## TASK DATA
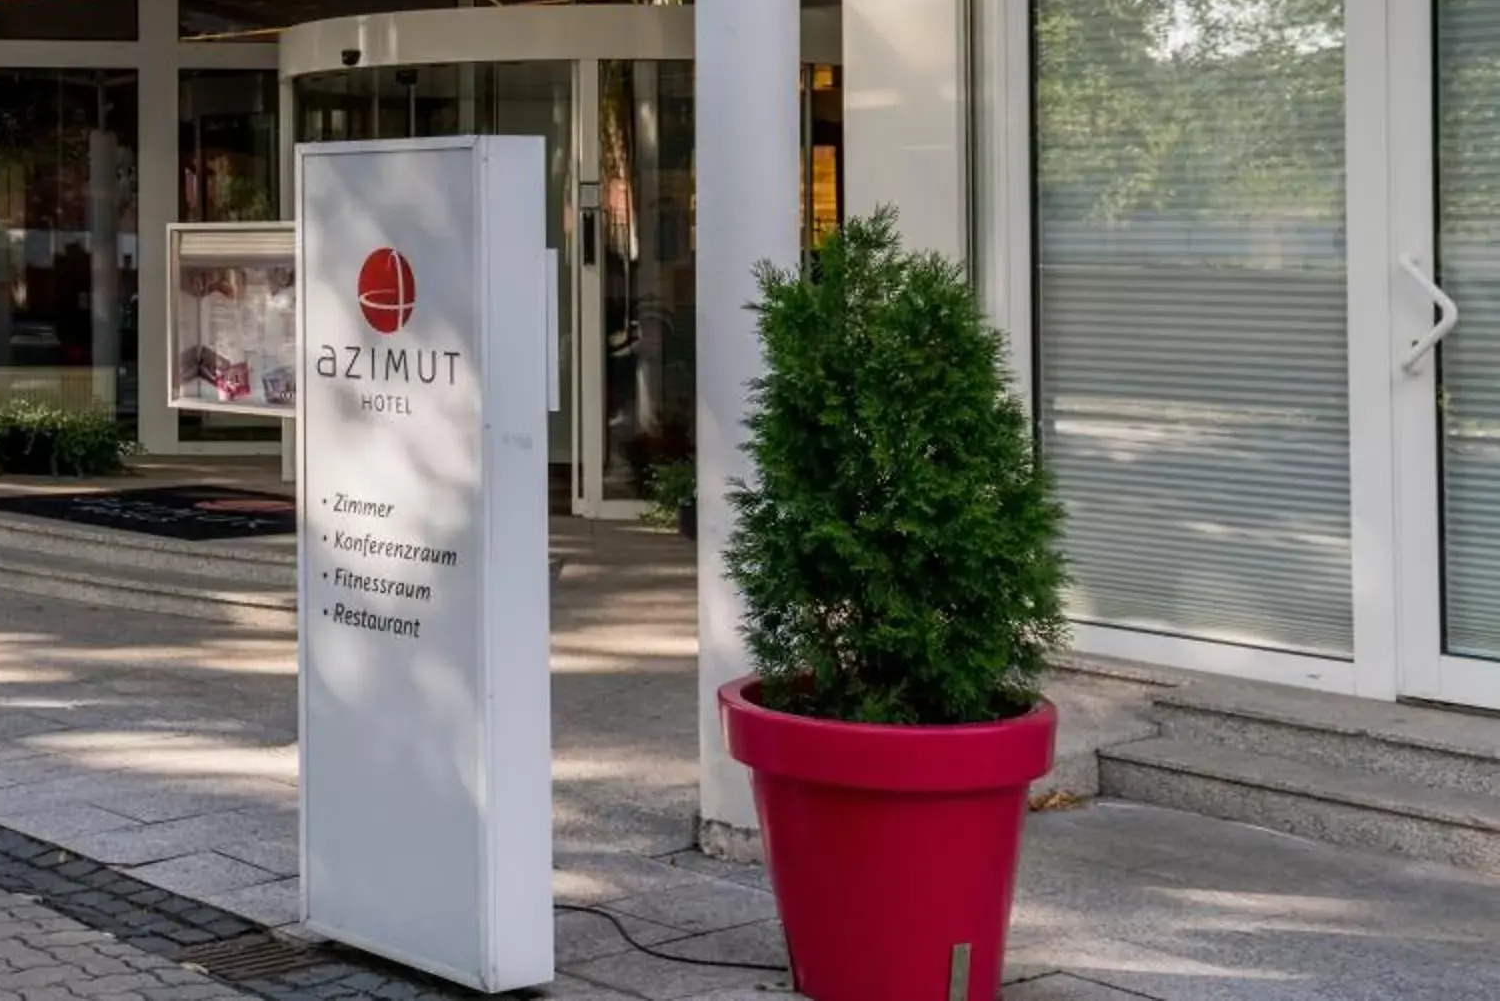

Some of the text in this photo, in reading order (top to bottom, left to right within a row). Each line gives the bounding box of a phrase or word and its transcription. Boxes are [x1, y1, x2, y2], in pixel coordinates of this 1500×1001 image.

[361, 394, 412, 416] HOTEL
[333, 493, 395, 519] Zimmer
[333, 531, 457, 567] Konferenzraum
[333, 567, 431, 601] Fitnessraum
[332, 603, 421, 639] Restaurant
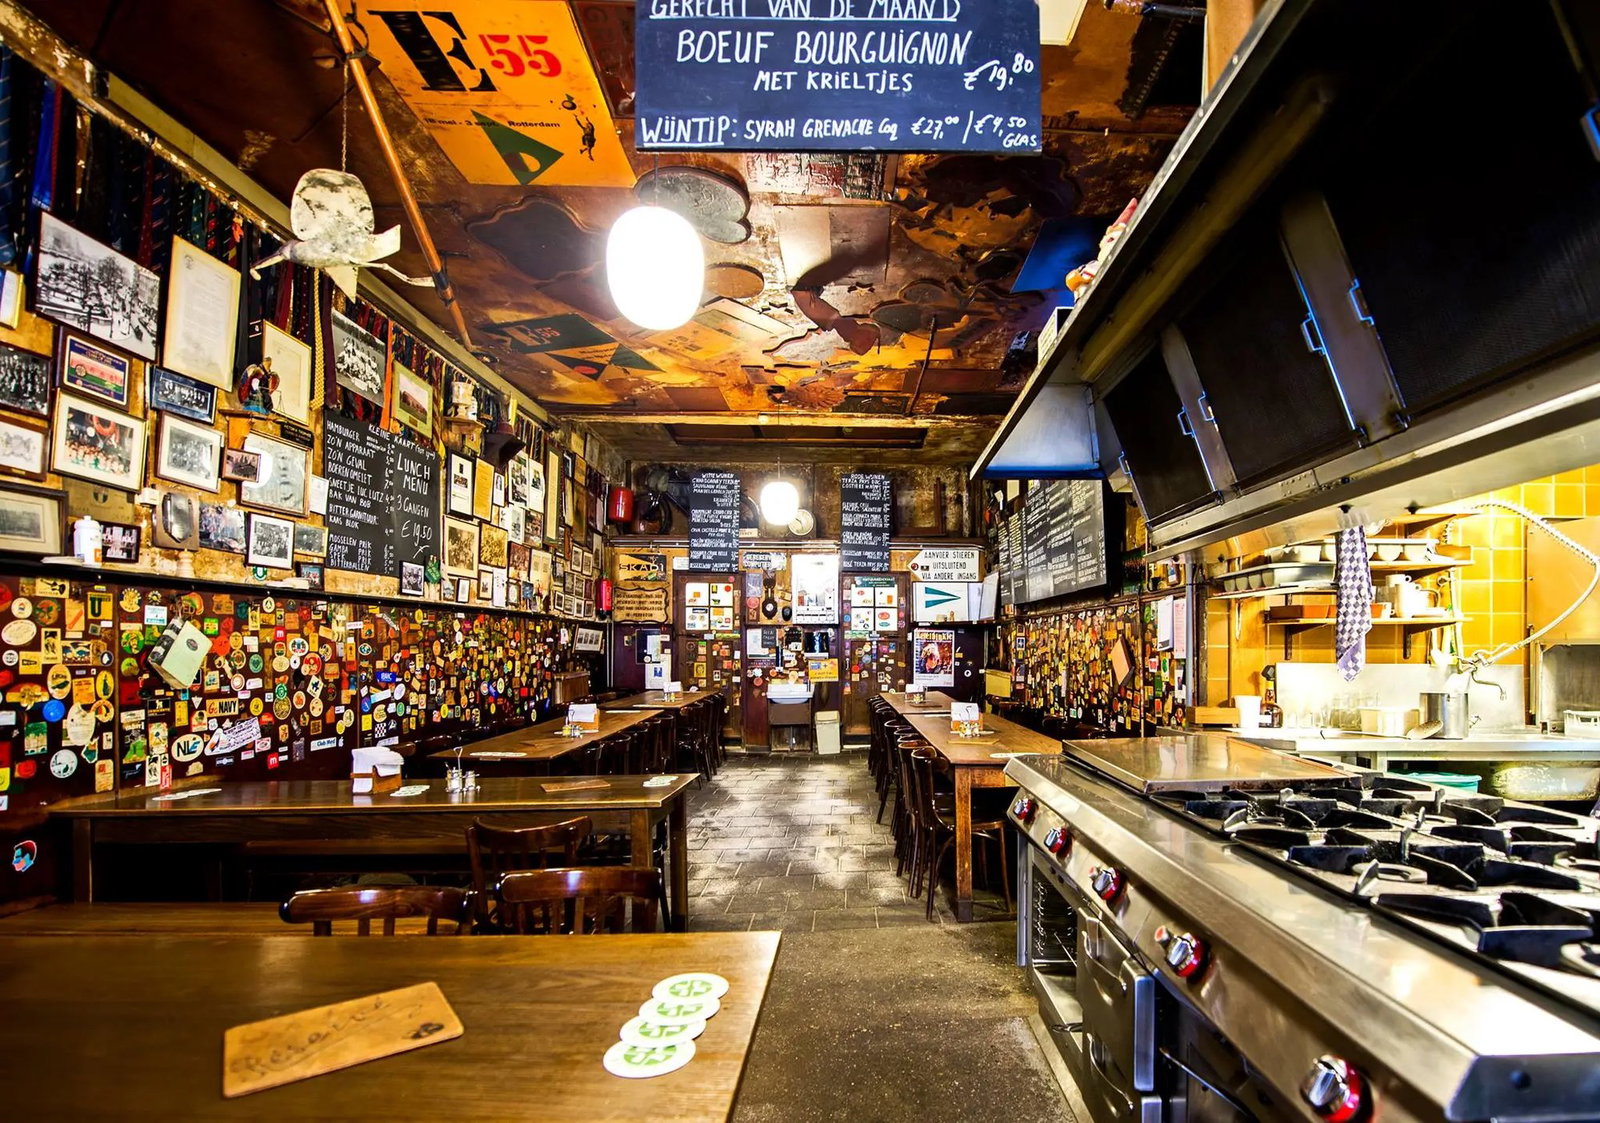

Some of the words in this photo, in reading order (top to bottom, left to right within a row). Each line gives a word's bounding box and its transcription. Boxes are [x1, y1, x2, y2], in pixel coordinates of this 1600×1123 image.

[768, 0, 812, 18] VAN
[868, 0, 961, 20] MAAND
[367, 10, 498, 92] E
[479, 34, 563, 77] 55
[676, 29, 773, 64] BOEUF
[753, 70, 797, 91] MET
[743, 118, 795, 143] SYRAH
[1002, 132, 1038, 148] GLAS
[327, 420, 360, 442] HAMBURGER
[369, 424, 391, 441] KLEINE
[394, 436, 416, 451] KAART
[345, 441, 376, 459] APPARAAT
[346, 455, 368, 471] GEVAL
[397, 452, 431, 480] LUNCH
[403, 474, 429, 495] MENU
[397, 494, 403, 511] 3
[403, 497, 429, 518] GANGEN
[329, 534, 357, 546] MOSSELEN
[619, 562, 666, 571] SKADI
[932, 561, 967, 570] UITSLUITEND
[921, 572, 932, 580] VIA
[934, 572, 954, 580] ANDERE
[957, 572, 977, 580] INGANG
[219, 700, 238, 714] NAVY

## ABOUT THIS TASK
Only the lines from the one with "Some of the words" to the end of the entries above belong in your answer. Retype them exactly.

## ANSWER TO THIS EXERCISE
Some of the words in this photo, in reading order (top to bottom, left to right within a row). Each line gives a word's bounding box and its transcription. Boxes are [x1, y1, x2, y2], in pixel coordinates of this 1600×1123 image.

[768, 0, 812, 18] VAN
[868, 0, 961, 20] MAAND
[367, 10, 498, 92] E
[479, 34, 563, 77] 55
[676, 29, 773, 64] BOEUF
[753, 70, 797, 91] MET
[743, 118, 795, 143] SYRAH
[1002, 132, 1038, 148] GLAS
[327, 420, 360, 442] HAMBURGER
[369, 424, 391, 441] KLEINE
[394, 436, 416, 451] KAART
[345, 441, 376, 459] APPARAAT
[346, 455, 368, 471] GEVAL
[397, 452, 431, 480] LUNCH
[403, 474, 429, 495] MENU
[397, 494, 403, 511] 3
[403, 497, 429, 518] GANGEN
[329, 534, 357, 546] MOSSELEN
[619, 562, 666, 571] SKADI
[932, 561, 967, 570] UITSLUITEND
[921, 572, 932, 580] VIA
[934, 572, 954, 580] ANDERE
[957, 572, 977, 580] INGANG
[219, 700, 238, 714] NAVY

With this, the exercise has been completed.